En efecto, los textos de historia dicen que no somos culpables de nada, que hemos sido víctimas indefensas de sistemas perversos y de conspiraciones tenebrosas. La literatura, salvo notables excepciones, expresa complejos nacidos de la teoría de la culpa ajena. Toneladas de libritos y folletos escritos por cientistas sociales van en idéntica dirección. Las cátedras en colegios y universidades dejan el sabor de la frustración, el fermento del rencor, y no se diga el discurso político que, desde siempre, apunta a incrementar la popularidad que deja esa entonación tercermundista.

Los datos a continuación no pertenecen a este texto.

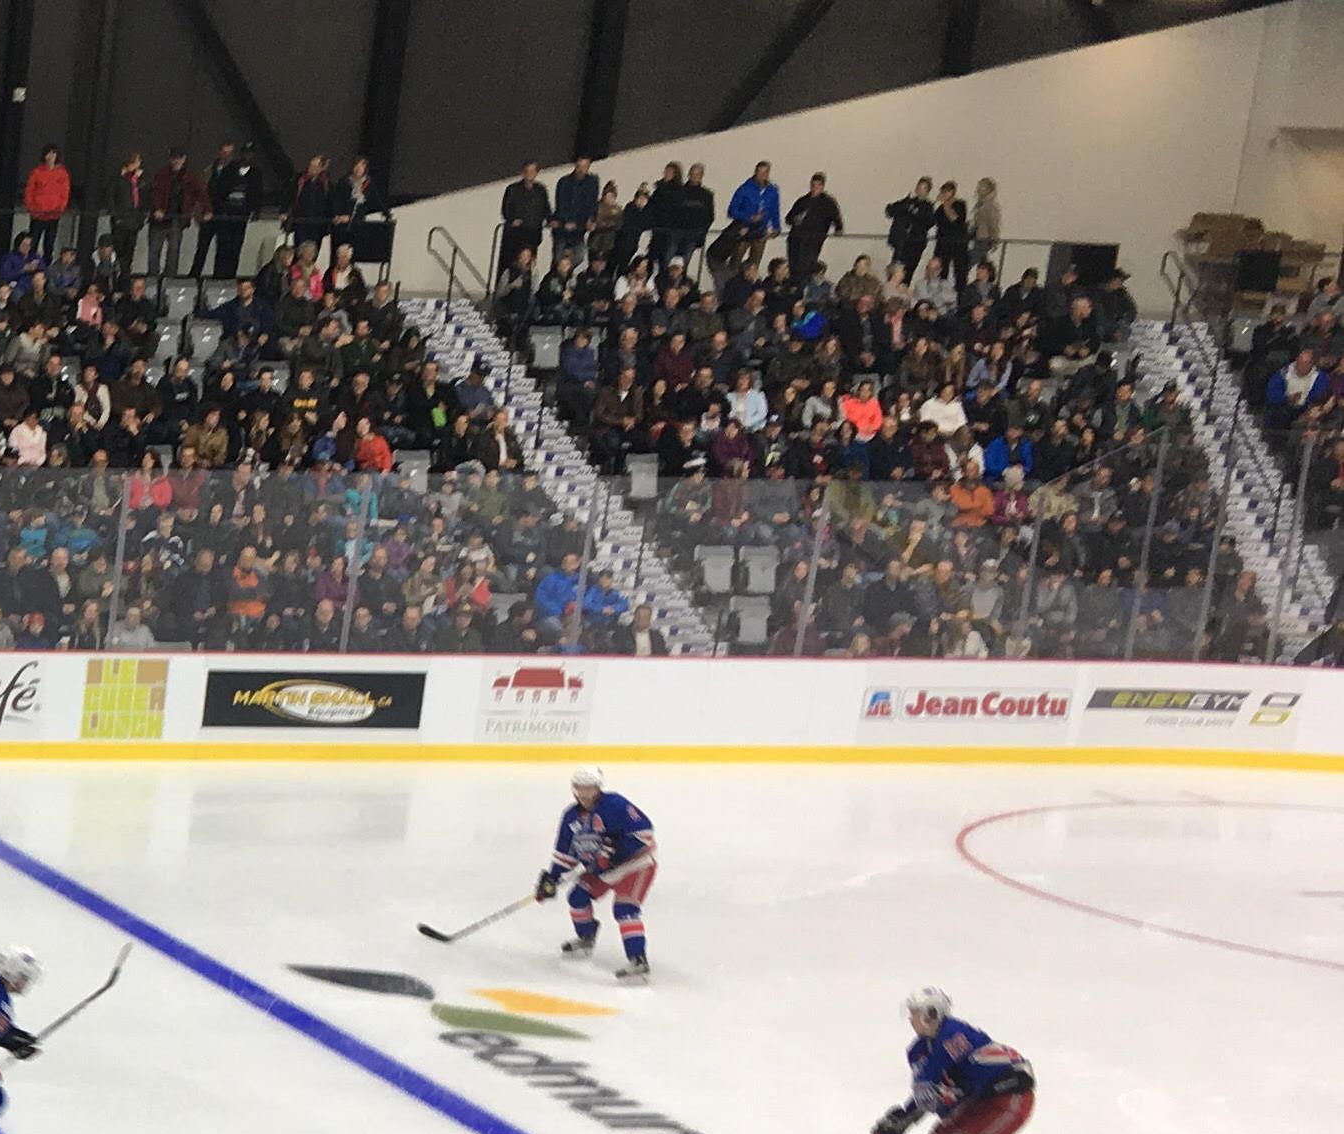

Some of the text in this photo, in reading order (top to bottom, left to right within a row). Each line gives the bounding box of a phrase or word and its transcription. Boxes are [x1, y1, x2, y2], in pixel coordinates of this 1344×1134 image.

La nueva izquierda latinoamericana responde a esa “cultura de la queja”, a esa transferencia de responsabilidad de los fracasos propios hacia los “otros”: los distantes conquistadores, los más cercanos explotadores contemporáneos, las agencias internacionales, el Primer Mundo, el liberalismo, etc.  Las versiones criollas del socialismo son intentos seudo científicos de articular ese modo de ser, son utopías cuyo punto de partida es nuestra angelical inocencia y la diabólica culpa de los otros. Son la expresión “racional” de la necesidad de tener un enemigo: el “cuco” de los niños, encarnación de la maldad. Así, la conciencia se sumerge en la paz y así  se enmascaran las  mediocridades.

El sistemático uso de la teoría de la culpa ajena -que ha sido también el comodín de cierta derecha  pragmática- revela un infantilismo alarmante. No se puede ser país, ni continente, ni sociedad responsable, sin asumir la historia verdadera, sin hacerse cargo de los riesgos y los fracasos. No se puede vivir bajo el paraguas de las excusas, alentando  la conmiseración del mundo, haciendo de víctimas, proclamando explotaciones ajenas sin mirar la viga que está en el ojo, sin  afirmarnos en lo que somos y  sin  entender que de nuestras desventuras respondemos primero nosotros y, a veces, solamente nosotros. El que vivimos es un mundo escéptico, informado y brutalmente objetivo, de modo que insistir en llegar a él con el discurso del  explotado, resulta tardío y lamentable.

Quizás, el giro más importante que debamos hacer sea seguir la dura  recomendación del Canciller brasilero en los días de la invasión peruana y del Protocolo de Río de Janeiro: “Primero sean país”. Sí, primero hay que ser país y eso implica archivar para siempre la teoría de la culpa ajena.